Columnistas

Inflación silenciosa

La Razón (Edición Impresa) / La columna sindical - Iván Condori Gutiérrez

00:00 / 13 de marzo de 2016

La inflación silenciosa que vive el país (aquella que no aparece en los registros oficiales del Gobierno) está desgastando la economía de las familias más desfavorecidas, pues son ellas las que emplean una mayor proporción de sus ingresos para la adquisición de alimentos, anulando su capacidad de ahorro.

De acuerdo con datos del Instituto Nacional de Estadística (INE), la gestión 2015 cerró con una inflación acumulada de 2,95%, cifra que supuestamente fue inferior a lo que el Ejecutivo había proyectado para ese año: 5,5%. A pesar de estas estadísticas, lo cierto es que para las amas de casa hacer mercado se ha convertido en toda una odisea, pues los ingresos que obtienen por un salario mensual o a través del trabajo informal no alcanza para adquirir los alimentos de primera necesidad, cuyos precios se han incrementado sustancialmente.
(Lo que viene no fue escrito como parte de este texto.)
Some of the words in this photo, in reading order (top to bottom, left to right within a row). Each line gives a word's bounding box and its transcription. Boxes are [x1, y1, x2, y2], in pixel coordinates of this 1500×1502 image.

Para este año, se proyecta un crecimiento del 5% del PIB, y una inflación del 5,3%, según estimaciones del Viceministerio de Presupuesto y Contabilidad Fiscal. A su vez el INE registró en enero de 2016 una variación porcentual positiva del IPC de 0,41% con respecto al mismo periodo de 2015. Pero las amas de casa que cada fin de semana hacen compras señalan que los precios han subido en un porcentaje bastante mayor respecto al mes pasado (enero). Por ejemplo, la arroba de papa estaba en Bs 32, y ahora cuesta Bs 45, es decir 40% más; la de arveja pasó de Bs 2 a 3 (50% más cara); a principios de año, la arroba de cebolla costaba Bs 45, y hoy, 60 (33% más); la arroba de zanahoria subió de Bs 20 a 30 (50% más); el kilo de queso subió de Bs 18 a 22 (22% más); el precio del sábalo se incrementó en 60%, al pasar de Bs 25 a 40; y el kilo del pollo se incrementó en 45%, al trepar de Bs 11 a 16.
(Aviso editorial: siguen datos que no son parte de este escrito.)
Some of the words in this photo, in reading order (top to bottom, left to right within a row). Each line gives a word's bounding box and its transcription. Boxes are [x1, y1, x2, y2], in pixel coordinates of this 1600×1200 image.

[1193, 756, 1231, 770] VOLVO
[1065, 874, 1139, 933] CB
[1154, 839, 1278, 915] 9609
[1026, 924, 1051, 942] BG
La inflación silenciosa se traduce en la pérdida de poder adquisitivo de los salarios, y en los hechos se resume en no poder comer bien, no poder vestir bien, no poder tener atención médica de calidad, no poder acceder a medicamentos, en la imposibilidad de ir a una escuela, no poder tener casa propia y etc. A raíz de este fenómeno, el enojo es generalizado entre las amas de casa. En cualquier sitio del país se escuchan frases como: “la plata no me alcanza para nada, tengo que pedir hasta prestado para cubrir el mes”, “llego a la quincena con unos centavos”, fruto del aumento generalizado de la mayoría de los productos agrícolas, perecederos y no perecederos.

Los ministros del Estado se molestan cuando relacionamos la inflación con el precio de los alimentos. Pero aunque se disgusten, los mayores precios de los alimentos son una señal de la inflación real, aquella que no aparece en las estadísticas oficiales; y los más pobres son los que llevan, de forma silenciosa, la peor parte en esta historia.